Vor knapp 40 Jahren hatten Frauen keinen Zutritt zum SAC. Heute sind sie am Fels und im Eis gleichberechtigt. Nicht zuletzt dank ­engagierten Frauen wie Verena Jäggin und Kathrin Nägeli. Beide setzen sich auf ihre ­Weise für die Förderung der Frauen ein.
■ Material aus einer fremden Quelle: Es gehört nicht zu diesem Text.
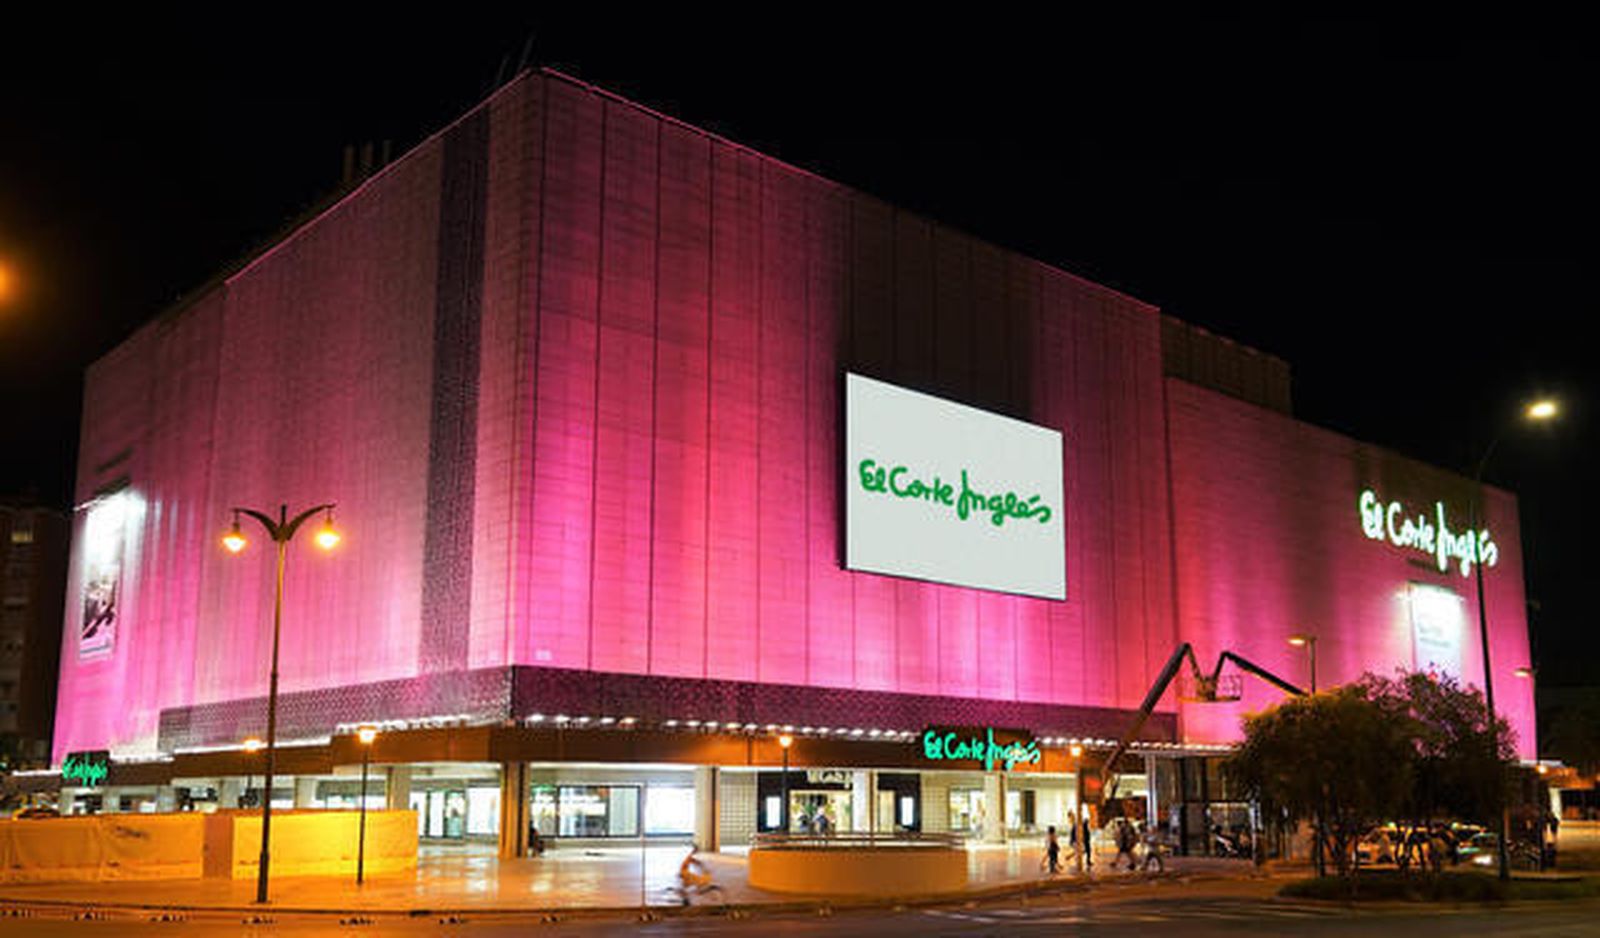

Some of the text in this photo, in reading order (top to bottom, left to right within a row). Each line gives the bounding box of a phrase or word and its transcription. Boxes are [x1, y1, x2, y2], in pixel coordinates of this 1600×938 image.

Verena Jäggin sitzt im Bahnhofbuffet Olten. Die grauen ­Haare kurz, die Haut braungebrannt, ihr Lachen herzhaft und ansteckend. Wenn die 65-jährige Baselbieterin von vergangenen Bergtouren erzählt, dann blitzen ihre Augen auf. In ganz Europa klettert sie Wände hoch. Auch in den USA ist sie unterwegs: Zu ihrem 60. Geburtstag hat sie sich einen Traum erfüllt und den «El Capitan» bezwungen. Sechs Tage hat sie in der Wand biwakiert. In diesem Jahr will sie mit einem Kollegen eine grosse Tour im Tessin durchziehen. Langes Stillsitzen ist nicht das Ihre. Sie habe von jeher «Ameisen unter dem Füdli», sagt Jäggin lachend. Ähnlich umtriebig ist Kathrin Nägeli. Bereits als kleines Kind faszinierten sie hohe Gipfel und unberührte Natur. Für ihre Masterarbeit kletterte sie in der Arktis auf und unter das Eis. Heute zieht es die 30-jährige ambitionierte Glaziologin dorthin, wo spannende Forschungsprojekte sind. Im Moment ist sie in Aberystwyth, Wales, stationiert. Davor war sie während ihrer Dissertation vor allem im Wallis unterwegs. Sie war bei vielen Messungen beim Findelengletscher mit vor Ort und untersuchte die Eisschicht dort.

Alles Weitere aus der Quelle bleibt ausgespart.